Would you reproduce the whole listing below without altering a single word?

-------- Study material --------

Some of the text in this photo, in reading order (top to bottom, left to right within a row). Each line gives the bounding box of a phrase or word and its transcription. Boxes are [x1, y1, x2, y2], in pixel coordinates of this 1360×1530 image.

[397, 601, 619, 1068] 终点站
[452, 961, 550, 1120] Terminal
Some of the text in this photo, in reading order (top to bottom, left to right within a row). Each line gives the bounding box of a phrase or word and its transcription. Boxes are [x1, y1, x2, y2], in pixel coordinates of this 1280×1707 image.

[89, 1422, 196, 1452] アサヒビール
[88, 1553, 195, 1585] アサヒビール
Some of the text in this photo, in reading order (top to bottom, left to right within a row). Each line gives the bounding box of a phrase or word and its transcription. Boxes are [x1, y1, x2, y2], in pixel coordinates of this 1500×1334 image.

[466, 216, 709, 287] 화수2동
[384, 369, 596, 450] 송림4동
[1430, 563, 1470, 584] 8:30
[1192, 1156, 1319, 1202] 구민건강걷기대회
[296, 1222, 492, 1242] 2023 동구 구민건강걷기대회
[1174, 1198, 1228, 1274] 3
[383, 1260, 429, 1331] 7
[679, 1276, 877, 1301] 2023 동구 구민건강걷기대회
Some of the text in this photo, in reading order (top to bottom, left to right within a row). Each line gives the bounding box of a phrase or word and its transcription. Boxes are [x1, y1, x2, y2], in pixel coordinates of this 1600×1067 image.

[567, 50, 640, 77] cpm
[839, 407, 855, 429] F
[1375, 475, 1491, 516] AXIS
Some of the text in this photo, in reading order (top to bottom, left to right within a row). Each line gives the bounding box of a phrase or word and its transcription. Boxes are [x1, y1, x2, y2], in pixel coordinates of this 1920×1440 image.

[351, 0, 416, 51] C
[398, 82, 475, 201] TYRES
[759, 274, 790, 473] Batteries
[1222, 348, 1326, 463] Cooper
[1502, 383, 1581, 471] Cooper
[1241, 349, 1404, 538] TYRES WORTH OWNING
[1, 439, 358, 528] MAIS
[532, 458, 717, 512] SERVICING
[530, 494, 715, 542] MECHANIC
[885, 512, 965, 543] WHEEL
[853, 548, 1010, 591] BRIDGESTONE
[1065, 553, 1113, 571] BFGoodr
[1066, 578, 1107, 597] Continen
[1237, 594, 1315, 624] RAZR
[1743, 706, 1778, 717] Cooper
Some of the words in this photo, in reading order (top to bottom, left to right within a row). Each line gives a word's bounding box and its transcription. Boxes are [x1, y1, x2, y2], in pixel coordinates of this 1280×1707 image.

--------

**Expected output**
Some of the text in this photo, in reading order (top to bottom, left to right within a row). Each line gives the bounding box of a phrase or word and its transcription. Boxes are [x1, y1, x2, y2], in pixel coordinates of this 1360×1530 image.

[397, 601, 619, 1068] 终点站
[452, 961, 550, 1120] Terminal
Some of the text in this photo, in reading order (top to bottom, left to right within a row). Each line gives the bounding box of a phrase or word and its transcription. Boxes are [x1, y1, x2, y2], in pixel coordinates of this 1280×1707 image.

[89, 1422, 196, 1452] アサヒビール
[88, 1553, 195, 1585] アサヒビール
Some of the text in this photo, in reading order (top to bottom, left to right within a row). Each line gives the bounding box of a phrase or word and its transcription. Boxes are [x1, y1, x2, y2], in pixel coordinates of this 1500×1334 image.

[466, 216, 709, 287] 화수2동
[384, 369, 596, 450] 송림4동
[1430, 563, 1470, 584] 8:30
[1192, 1156, 1319, 1202] 구민건강걷기대회
[296, 1222, 492, 1242] 2023 동구 구민건강걷기대회
[1174, 1198, 1228, 1274] 3
[383, 1260, 429, 1331] 7
[679, 1276, 877, 1301] 2023 동구 구민건강걷기대회
Some of the text in this photo, in reading order (top to bottom, left to right within a row). Each line gives the bounding box of a phrase or word and its transcription. Boxes are [x1, y1, x2, y2], in pixel coordinates of this 1600×1067 image.

[567, 50, 640, 77] cpm
[839, 407, 855, 429] F
[1375, 475, 1491, 516] AXIS
Some of the text in this photo, in reading order (top to bottom, left to right within a row). Each line gives the bounding box of a phrase or word and its transcription. Boxes are [x1, y1, x2, y2], in pixel coordinates of this 1920×1440 image.

[351, 0, 416, 51] C
[398, 82, 475, 201] TYRES
[759, 274, 790, 473] Batteries
[1222, 348, 1326, 463] Cooper
[1502, 383, 1581, 471] Cooper
[1241, 349, 1404, 538] TYRES WORTH OWNING
[1, 439, 358, 528] MAIS
[532, 458, 717, 512] SERVICING
[530, 494, 715, 542] MECHANIC
[885, 512, 965, 543] WHEEL
[853, 548, 1010, 591] BRIDGESTONE
[1065, 553, 1113, 571] BFGoodr
[1066, 578, 1107, 597] Continen
[1237, 594, 1315, 624] RAZR
[1743, 706, 1778, 717] Cooper
Some of the words in this photo, in reading order (top to bottom, left to right within a row). Each line gives a word's bounding box and its transcription. Boxes are [x1, y1, x2, y2], in pixel coordinates of this 1280×1707 image.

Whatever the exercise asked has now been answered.